2. Select lines that match an expression Tool: Grep1 with the following parameters:
   • param-collection “Select lines from”: the output of Samtools fastx
   • “that”: Matching
   • “the pattern”: ^>.+

   This will select only those lines from the FASTA inputs that start with a > character, i.e. will retain the identifier lines, but not the sequence lines.

3. Replace Text in entire line Tool: toolshed.g2.bx.psu.edu/repos/bgruening/text_processing/tp_replace_in_line/1.1.2 with the following parameters:
   • param-collection “File to process”: the output of Select
   • param-repeat “Replacement”:
     • “Find Pattern”: ^>(.+)
     • “Replace with”: \1

     This find and replacement pattern will work on lines starting with a > character and replace each such line with the content following the > character (the (.+) part that gets referenced as \1 in the replacement pattern).

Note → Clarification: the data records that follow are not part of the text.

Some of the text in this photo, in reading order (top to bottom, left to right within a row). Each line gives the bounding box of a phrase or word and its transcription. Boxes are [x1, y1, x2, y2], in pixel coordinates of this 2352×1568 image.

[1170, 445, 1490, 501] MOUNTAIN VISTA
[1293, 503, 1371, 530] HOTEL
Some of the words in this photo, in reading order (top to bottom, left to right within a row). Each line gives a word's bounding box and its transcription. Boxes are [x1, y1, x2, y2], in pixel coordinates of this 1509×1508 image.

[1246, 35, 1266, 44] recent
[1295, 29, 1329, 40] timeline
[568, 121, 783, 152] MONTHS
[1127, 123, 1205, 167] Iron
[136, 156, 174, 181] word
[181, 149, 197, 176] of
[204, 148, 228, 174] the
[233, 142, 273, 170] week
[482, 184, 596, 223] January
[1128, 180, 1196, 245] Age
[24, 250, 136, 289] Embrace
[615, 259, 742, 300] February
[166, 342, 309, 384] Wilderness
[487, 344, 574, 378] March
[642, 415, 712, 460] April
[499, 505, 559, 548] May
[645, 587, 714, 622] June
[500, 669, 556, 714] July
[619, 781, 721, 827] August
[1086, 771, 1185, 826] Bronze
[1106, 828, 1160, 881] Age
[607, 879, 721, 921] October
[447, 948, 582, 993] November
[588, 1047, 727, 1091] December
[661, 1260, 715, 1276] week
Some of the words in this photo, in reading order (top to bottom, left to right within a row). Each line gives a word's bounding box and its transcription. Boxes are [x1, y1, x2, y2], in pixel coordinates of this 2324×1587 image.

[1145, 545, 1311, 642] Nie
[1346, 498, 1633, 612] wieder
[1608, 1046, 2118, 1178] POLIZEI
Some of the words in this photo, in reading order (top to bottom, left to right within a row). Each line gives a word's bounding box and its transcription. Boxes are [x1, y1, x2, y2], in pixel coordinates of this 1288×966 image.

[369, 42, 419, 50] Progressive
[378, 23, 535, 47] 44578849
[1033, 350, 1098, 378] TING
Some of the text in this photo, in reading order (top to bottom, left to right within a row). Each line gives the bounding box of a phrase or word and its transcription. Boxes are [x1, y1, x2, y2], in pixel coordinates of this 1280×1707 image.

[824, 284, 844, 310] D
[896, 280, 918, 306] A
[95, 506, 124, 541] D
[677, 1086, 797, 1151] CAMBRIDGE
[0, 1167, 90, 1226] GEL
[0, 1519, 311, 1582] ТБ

Use the non-human read identifiers to extract the reads of interest from the original inputs

We are almost there! We already know the identifiers of all reads we would like to retain, we only need a way to filter the original input datasets for these identifiers.

Comment: Why not use the unmapped reads directly?

When you followed the previous steps you may have noticed that Samtools fastx offers fastq as an output format. Since we used this tool to report the unmapped reads, you may be wondering why we did not simply ask the tool to write the reads in the format we want and be done with it.

The answer is: we could have done that (and some people follow this approach), but remember that we trimmed the reads before mapping them, which means the extracted unmapped reads would not be identical to the input reads.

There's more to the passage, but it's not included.